• The data:
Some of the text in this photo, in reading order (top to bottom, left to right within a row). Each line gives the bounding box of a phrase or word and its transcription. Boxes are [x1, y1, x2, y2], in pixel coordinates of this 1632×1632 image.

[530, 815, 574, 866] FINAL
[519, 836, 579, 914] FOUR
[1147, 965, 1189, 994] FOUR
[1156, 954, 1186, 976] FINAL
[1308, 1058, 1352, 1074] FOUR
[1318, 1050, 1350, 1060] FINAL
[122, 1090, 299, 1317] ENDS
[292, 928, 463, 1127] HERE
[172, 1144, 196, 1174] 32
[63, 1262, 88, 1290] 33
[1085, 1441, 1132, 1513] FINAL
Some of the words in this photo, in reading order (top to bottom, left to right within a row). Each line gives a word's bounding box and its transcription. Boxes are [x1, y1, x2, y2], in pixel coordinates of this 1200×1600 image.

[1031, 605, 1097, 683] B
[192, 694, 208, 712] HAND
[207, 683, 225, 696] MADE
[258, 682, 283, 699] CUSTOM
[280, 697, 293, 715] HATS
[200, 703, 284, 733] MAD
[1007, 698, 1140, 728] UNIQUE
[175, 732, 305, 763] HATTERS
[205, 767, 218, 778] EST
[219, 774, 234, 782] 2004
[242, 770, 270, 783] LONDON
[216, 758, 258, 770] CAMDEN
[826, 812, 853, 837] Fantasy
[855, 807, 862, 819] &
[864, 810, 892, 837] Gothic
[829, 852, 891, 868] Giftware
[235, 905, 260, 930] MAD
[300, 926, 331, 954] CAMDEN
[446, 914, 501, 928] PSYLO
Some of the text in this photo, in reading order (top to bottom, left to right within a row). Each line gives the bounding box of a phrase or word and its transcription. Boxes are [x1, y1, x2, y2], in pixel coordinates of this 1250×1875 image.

• Goal of the exercise:
Reproduce the material above. Do not change a word.

• Output of the task:
Some of the text in this photo, in reading order (top to bottom, left to right within a row). Each line gives the bounding box of a phrase or word and its transcription. Boxes are [x1, y1, x2, y2], in pixel coordinates of this 1632×1632 image.

[530, 815, 574, 866] FINAL
[519, 836, 579, 914] FOUR
[1147, 965, 1189, 994] FOUR
[1156, 954, 1186, 976] FINAL
[1308, 1058, 1352, 1074] FOUR
[1318, 1050, 1350, 1060] FINAL
[122, 1090, 299, 1317] ENDS
[292, 928, 463, 1127] HERE
[172, 1144, 196, 1174] 32
[63, 1262, 88, 1290] 33
[1085, 1441, 1132, 1513] FINAL
Some of the words in this photo, in reading order (top to bottom, left to right within a row). Each line gives a word's bounding box and its transcription. Boxes are [x1, y1, x2, y2], in pixel coordinates of this 1200×1600 image.

[1031, 605, 1097, 683] B
[192, 694, 208, 712] HAND
[207, 683, 225, 696] MADE
[258, 682, 283, 699] CUSTOM
[280, 697, 293, 715] HATS
[200, 703, 284, 733] MAD
[1007, 698, 1140, 728] UNIQUE
[175, 732, 305, 763] HATTERS
[205, 767, 218, 778] EST
[219, 774, 234, 782] 2004
[242, 770, 270, 783] LONDON
[216, 758, 258, 770] CAMDEN
[826, 812, 853, 837] Fantasy
[855, 807, 862, 819] &
[864, 810, 892, 837] Gothic
[829, 852, 891, 868] Giftware
[235, 905, 260, 930] MAD
[300, 926, 331, 954] CAMDEN
[446, 914, 501, 928] PSYLO
Some of the text in this photo, in reading order (top to bottom, left to right within a row). Each line gives the bounding box of a phrase or word and its transcription. Boxes are [x1, y1, x2, y2], in pixel coordinates of this 1250×1875 image.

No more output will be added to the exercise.